Consider the relative positions of each of the following pairs of lines

a) $${d_1}:3x + 2y–5 = 0$$ and $${d_2}:x – 4y + 1 = 0$$ ;

b) $${d_3}:x – 2y + 3 = 0$$ and $${d_4}: – {\rm{ }}2x + 4y + 10 = 0$$ ;

c) $${d_5}:4x + 2y – 3 = 0$$ and $${d_6}:\left\{ \begin{array}{l}x = – \frac{1}{2} + t\ \y = \frac{5}{2} – 2t\end{array} \right.$$

Solution method

Solving the system of intersection equations:

System of equations with solutions $$\Rightarrow$$ intersecting each other

Parallel system of equations with no solutions $$\Rightarrow$$

System of equations with an infinite number of solutions $$\Rightarrow$$ coincide

Solution guide

a) The coordinates of the intersection of two lines $${d_1},{d_2}$$ is the solution of the system of equations:

$$\left\{ \begin{array}{l}3x + 2y – 5 = 0\\x – 4y + 1 = 0\end{array} \right.\Leftrightarrow \left\{ \begin{array}{ l}x = \frac{9}{7}\\y = \frac{4}{7}\end{array} \right.$$

The system of equations has only one solution, so the two lines intersect.

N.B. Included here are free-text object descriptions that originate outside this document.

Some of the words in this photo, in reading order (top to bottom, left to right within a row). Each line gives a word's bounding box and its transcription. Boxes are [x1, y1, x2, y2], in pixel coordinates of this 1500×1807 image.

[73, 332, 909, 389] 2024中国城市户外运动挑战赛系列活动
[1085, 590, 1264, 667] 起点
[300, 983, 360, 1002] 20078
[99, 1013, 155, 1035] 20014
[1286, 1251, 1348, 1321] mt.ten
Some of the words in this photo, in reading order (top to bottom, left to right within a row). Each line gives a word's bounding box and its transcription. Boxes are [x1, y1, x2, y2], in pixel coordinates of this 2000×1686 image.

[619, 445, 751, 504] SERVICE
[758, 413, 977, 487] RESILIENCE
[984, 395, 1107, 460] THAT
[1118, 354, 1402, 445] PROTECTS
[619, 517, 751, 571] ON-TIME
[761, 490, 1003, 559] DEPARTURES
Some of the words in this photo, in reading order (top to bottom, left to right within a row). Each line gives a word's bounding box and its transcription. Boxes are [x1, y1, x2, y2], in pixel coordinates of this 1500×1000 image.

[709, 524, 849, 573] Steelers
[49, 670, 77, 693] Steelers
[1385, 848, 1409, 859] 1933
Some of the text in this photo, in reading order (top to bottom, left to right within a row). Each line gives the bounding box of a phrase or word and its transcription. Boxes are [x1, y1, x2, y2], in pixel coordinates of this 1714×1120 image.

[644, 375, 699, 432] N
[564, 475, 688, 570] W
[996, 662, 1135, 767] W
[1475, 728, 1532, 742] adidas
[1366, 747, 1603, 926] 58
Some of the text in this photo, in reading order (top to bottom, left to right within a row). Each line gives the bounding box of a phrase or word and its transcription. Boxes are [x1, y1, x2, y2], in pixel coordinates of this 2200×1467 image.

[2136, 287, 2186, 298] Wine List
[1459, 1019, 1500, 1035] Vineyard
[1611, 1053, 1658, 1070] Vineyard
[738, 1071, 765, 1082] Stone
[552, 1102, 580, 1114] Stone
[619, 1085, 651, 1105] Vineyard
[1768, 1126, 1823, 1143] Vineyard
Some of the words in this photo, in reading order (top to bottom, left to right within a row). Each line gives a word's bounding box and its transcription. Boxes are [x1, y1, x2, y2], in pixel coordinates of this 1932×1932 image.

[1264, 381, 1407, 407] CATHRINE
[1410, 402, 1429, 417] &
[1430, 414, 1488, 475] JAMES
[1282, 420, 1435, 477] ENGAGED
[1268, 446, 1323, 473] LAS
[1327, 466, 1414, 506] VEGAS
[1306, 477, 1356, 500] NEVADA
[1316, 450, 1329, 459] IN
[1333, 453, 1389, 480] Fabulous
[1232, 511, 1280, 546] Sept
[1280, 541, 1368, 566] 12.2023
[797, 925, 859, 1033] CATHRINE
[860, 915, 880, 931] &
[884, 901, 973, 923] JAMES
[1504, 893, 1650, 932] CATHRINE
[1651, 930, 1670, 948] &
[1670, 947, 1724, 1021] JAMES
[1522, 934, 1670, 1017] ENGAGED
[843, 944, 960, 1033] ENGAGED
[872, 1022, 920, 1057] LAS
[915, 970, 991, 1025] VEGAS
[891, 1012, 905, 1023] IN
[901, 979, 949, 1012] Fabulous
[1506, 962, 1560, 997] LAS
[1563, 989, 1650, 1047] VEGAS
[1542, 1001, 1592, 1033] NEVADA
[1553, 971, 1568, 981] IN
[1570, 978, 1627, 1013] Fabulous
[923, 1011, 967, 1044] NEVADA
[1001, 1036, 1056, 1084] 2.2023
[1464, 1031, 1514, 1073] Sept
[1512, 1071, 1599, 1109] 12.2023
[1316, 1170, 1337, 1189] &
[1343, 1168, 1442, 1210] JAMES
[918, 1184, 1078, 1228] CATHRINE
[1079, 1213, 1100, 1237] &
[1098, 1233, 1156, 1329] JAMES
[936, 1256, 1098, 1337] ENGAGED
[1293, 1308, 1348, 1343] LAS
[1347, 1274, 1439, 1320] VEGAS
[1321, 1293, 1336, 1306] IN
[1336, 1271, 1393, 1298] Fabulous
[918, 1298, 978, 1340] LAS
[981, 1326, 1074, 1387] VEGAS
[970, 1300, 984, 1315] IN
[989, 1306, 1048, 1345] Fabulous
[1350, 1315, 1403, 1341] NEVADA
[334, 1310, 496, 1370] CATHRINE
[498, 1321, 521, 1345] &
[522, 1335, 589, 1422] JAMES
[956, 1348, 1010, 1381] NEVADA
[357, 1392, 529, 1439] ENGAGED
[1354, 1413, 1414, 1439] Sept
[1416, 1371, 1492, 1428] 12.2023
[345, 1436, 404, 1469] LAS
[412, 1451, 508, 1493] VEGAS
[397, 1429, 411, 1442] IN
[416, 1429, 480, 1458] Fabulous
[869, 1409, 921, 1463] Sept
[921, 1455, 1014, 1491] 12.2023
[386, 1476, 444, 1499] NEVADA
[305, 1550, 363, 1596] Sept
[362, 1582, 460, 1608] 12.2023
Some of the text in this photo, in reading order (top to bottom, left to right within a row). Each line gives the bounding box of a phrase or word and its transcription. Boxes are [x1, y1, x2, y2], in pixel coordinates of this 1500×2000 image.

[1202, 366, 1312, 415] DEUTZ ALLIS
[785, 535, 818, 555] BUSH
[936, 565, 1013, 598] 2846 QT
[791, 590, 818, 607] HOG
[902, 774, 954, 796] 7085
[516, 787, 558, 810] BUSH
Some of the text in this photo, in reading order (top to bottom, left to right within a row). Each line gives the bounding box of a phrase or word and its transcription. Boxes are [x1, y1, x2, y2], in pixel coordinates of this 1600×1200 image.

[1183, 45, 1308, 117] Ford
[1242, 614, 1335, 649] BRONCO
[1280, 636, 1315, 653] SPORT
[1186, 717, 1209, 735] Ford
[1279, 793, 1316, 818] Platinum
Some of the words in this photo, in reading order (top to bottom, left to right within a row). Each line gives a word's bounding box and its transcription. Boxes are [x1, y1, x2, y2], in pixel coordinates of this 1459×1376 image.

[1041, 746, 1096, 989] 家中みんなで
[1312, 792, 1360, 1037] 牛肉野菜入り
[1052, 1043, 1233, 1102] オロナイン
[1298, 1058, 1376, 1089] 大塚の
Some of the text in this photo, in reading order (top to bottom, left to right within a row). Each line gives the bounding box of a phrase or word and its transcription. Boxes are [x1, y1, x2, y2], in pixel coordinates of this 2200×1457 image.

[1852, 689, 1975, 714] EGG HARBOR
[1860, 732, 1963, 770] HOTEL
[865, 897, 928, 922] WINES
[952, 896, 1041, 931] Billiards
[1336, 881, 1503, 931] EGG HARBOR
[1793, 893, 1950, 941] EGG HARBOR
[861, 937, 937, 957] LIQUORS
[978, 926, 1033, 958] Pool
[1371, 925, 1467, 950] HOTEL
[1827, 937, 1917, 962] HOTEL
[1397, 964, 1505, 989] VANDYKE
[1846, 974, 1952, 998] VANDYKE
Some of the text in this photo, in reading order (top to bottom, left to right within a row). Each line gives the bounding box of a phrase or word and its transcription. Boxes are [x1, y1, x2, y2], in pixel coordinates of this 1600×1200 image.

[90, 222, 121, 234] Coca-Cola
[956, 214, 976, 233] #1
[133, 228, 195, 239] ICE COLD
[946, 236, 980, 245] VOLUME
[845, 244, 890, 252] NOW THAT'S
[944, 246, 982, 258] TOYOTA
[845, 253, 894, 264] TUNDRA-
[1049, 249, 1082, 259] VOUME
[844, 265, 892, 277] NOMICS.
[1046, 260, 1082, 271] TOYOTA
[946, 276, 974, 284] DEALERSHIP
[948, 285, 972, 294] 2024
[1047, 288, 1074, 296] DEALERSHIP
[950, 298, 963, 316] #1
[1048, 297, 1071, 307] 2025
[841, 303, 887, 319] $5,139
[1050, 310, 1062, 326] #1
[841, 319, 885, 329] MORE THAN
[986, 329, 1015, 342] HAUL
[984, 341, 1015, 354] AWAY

b) The coordinates of the intersection of two lines $${d_3},{d_4}$$ is the solution of the system of equations:

$$\left\{ \begin{array}{l}x – 2y + 3 = 0\\ – 2x + 4y + 10 = 0\end{array} \right.$$ .

The system of equations has no solution. So 2 lines are parallel to each other

c) The coordinates of the intersection of two lines $${d_5},{d_6}$$ corresponding to t satisfy the equation:

$$4\left( { – \frac{1}{2} + t} \right) + 2\left( {\frac{5}{2} – 2t} \right) – 3 = 0 \Leftrightarrow 0t = 0$$ .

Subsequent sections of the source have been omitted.